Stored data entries
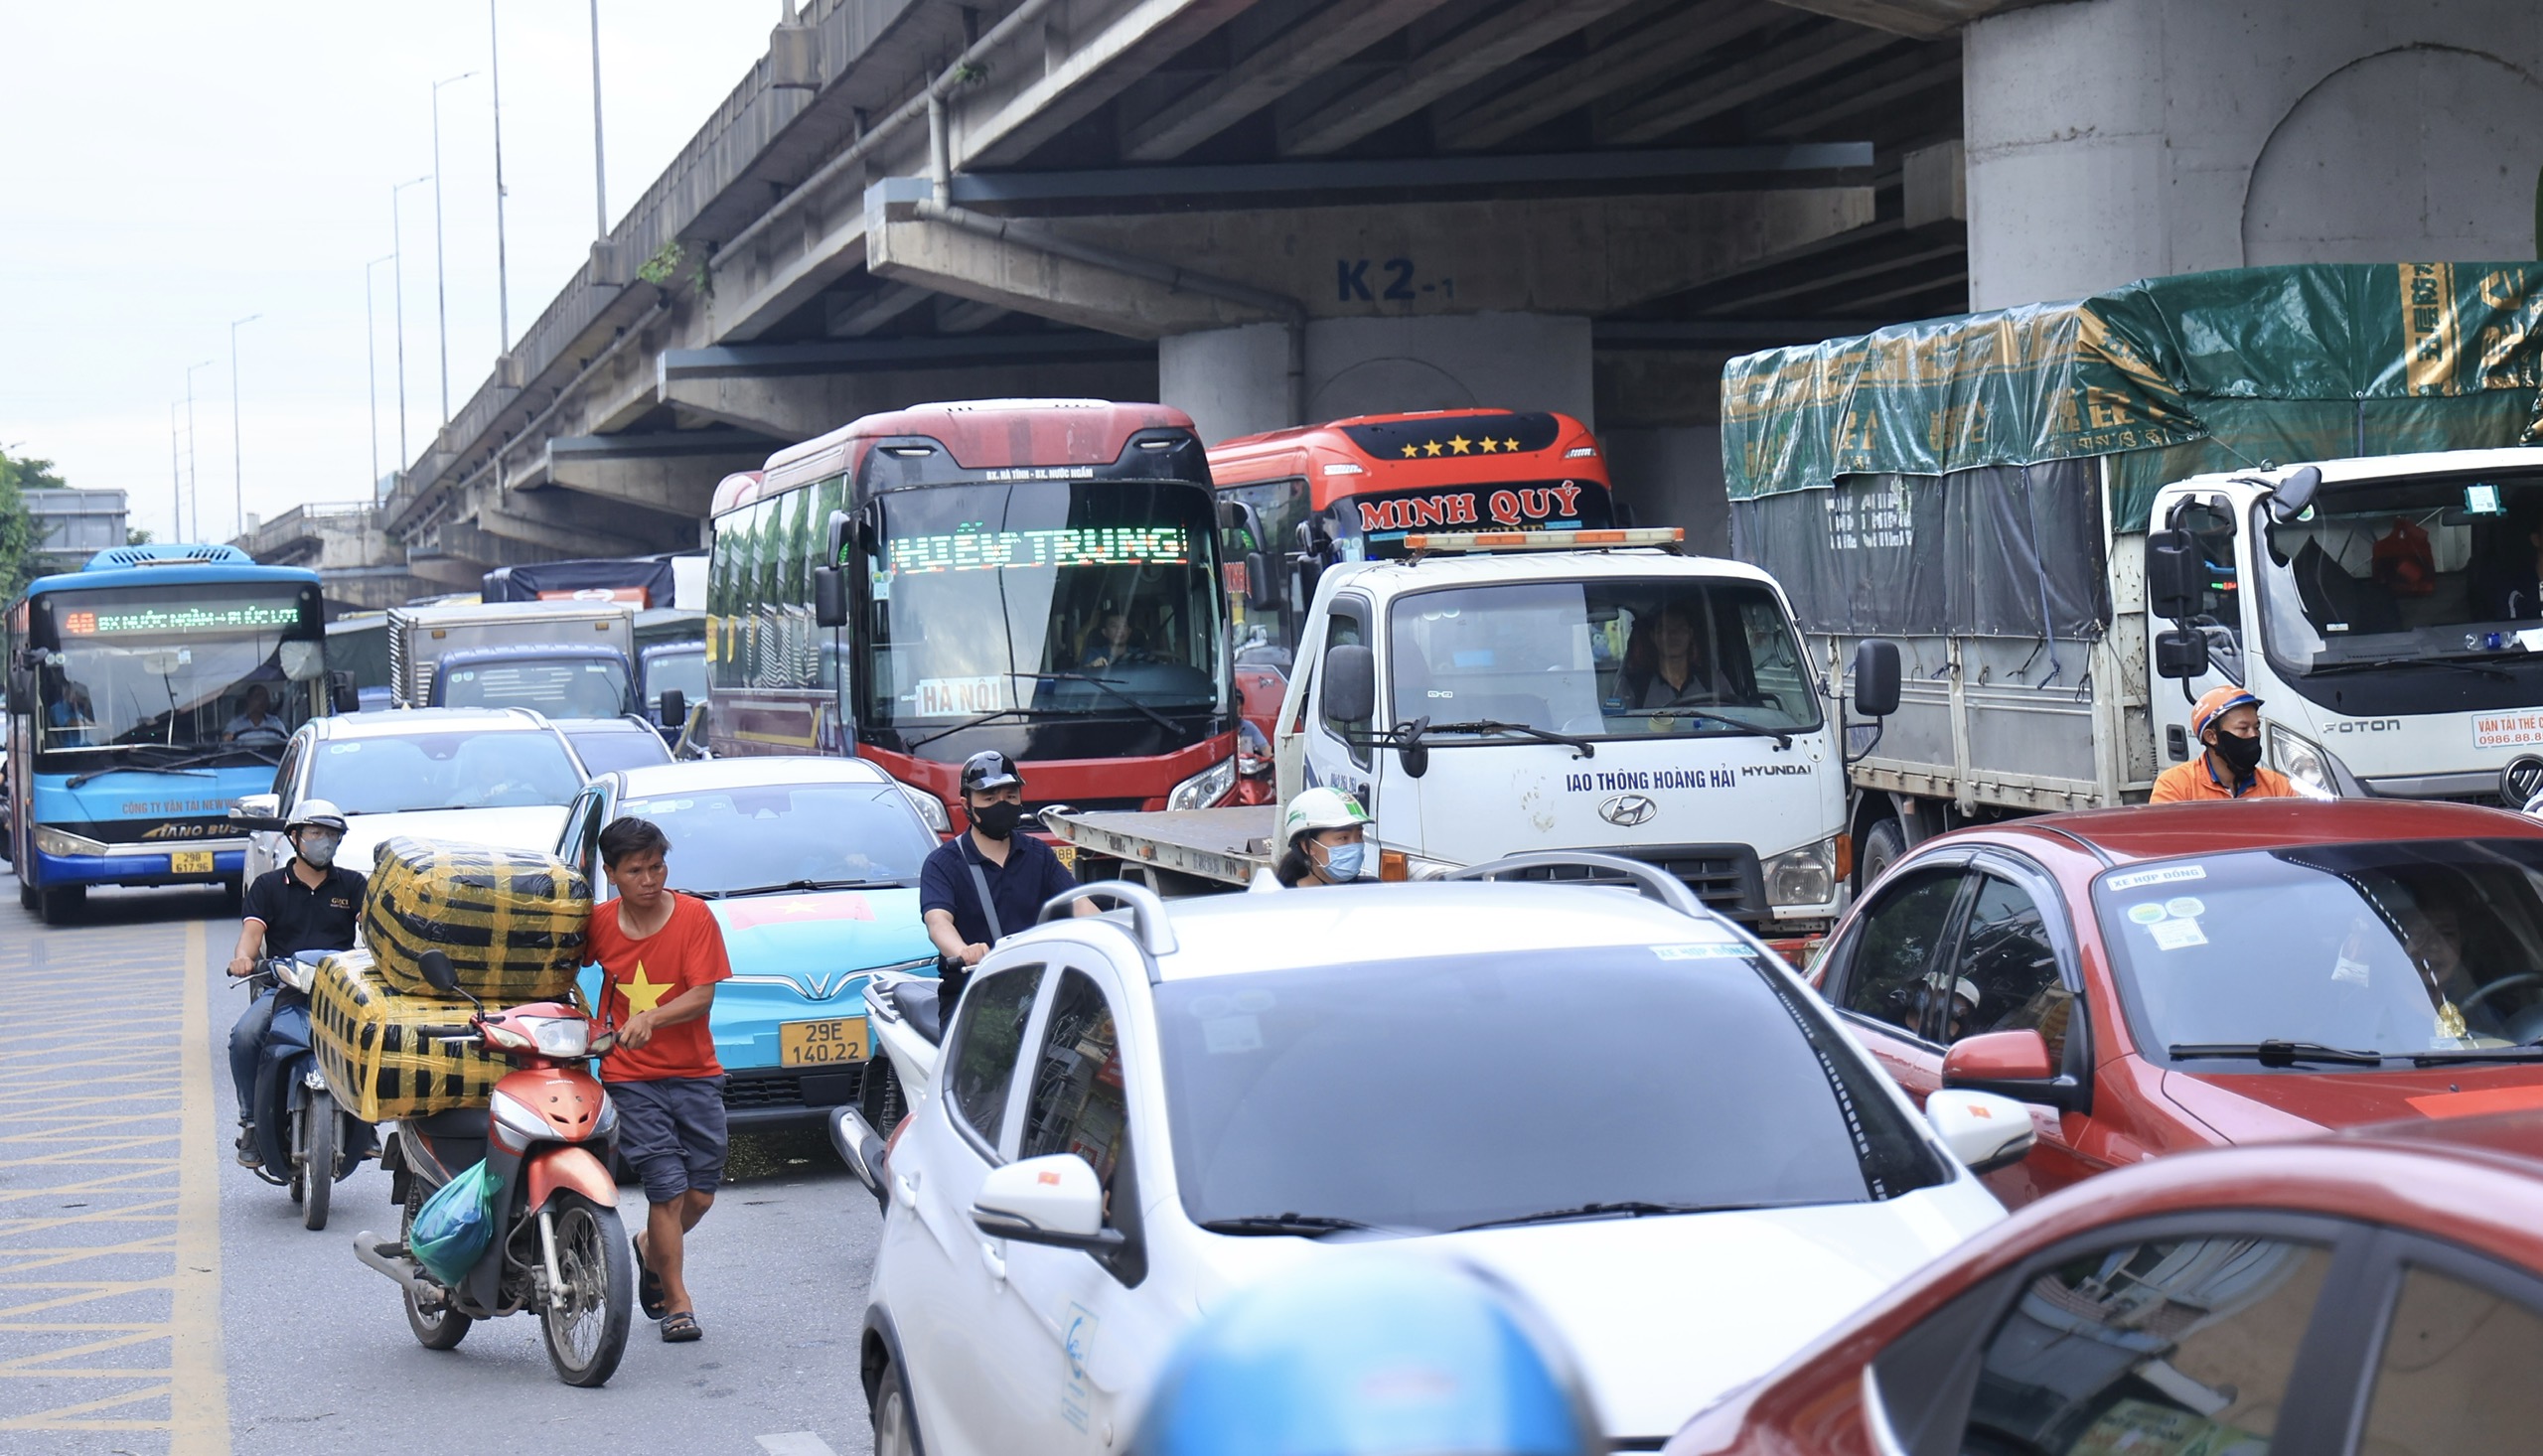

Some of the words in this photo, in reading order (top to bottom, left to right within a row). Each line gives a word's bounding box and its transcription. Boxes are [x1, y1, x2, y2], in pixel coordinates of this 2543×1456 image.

[1358, 494, 1478, 531] MINH
[1489, 480, 1581, 525] QUÝ
[1023, 527, 1180, 562] TRUNG
[923, 679, 954, 713] HÀ
[2322, 719, 2400, 733] FOTON
[2478, 717, 2498, 734] VẬN
[2500, 715, 2515, 731] TẢI
[2518, 714, 2536, 730] THẾ
[2479, 732, 2543, 745] 0986.88.8
[1596, 768, 1649, 791] THÔNG
[1654, 766, 1706, 789] HOÀNG
[1711, 763, 1736, 788] HẢI
[1741, 765, 1811, 777] HYUNDAI
[122, 801, 148, 814] CÔNG
[150, 801, 161, 812] TY
[1054, 848, 1073, 860] 8B
[2114, 878, 2130, 888] XE
[2133, 872, 2159, 884] HỢP
[806, 1022, 842, 1043] 29E
[794, 1042, 859, 1064] 140.22

Try it - Each record above is to be written out exactly; the pictures are not.

Solution for this task -
Some of the words in this photo, in reading order (top to bottom, left to right within a row). Each line gives a word's bounding box and its transcription. Boxes are [x1, y1, x2, y2], in pixel coordinates of this 2543×1456 image.

[1358, 494, 1478, 531] MINH
[1489, 480, 1581, 525] QUÝ
[1023, 527, 1180, 562] TRUNG
[923, 679, 954, 713] HÀ
[2322, 719, 2400, 733] FOTON
[2478, 717, 2498, 734] VẬN
[2500, 715, 2515, 731] TẢI
[2518, 714, 2536, 730] THẾ
[2479, 732, 2543, 745] 0986.88.8
[1596, 768, 1649, 791] THÔNG
[1654, 766, 1706, 789] HOÀNG
[1711, 763, 1736, 788] HẢI
[1741, 765, 1811, 777] HYUNDAI
[122, 801, 148, 814] CÔNG
[150, 801, 161, 812] TY
[1054, 848, 1073, 860] 8B
[2114, 878, 2130, 888] XE
[2133, 872, 2159, 884] HỢP
[806, 1022, 842, 1043] 29E
[794, 1042, 859, 1064] 140.22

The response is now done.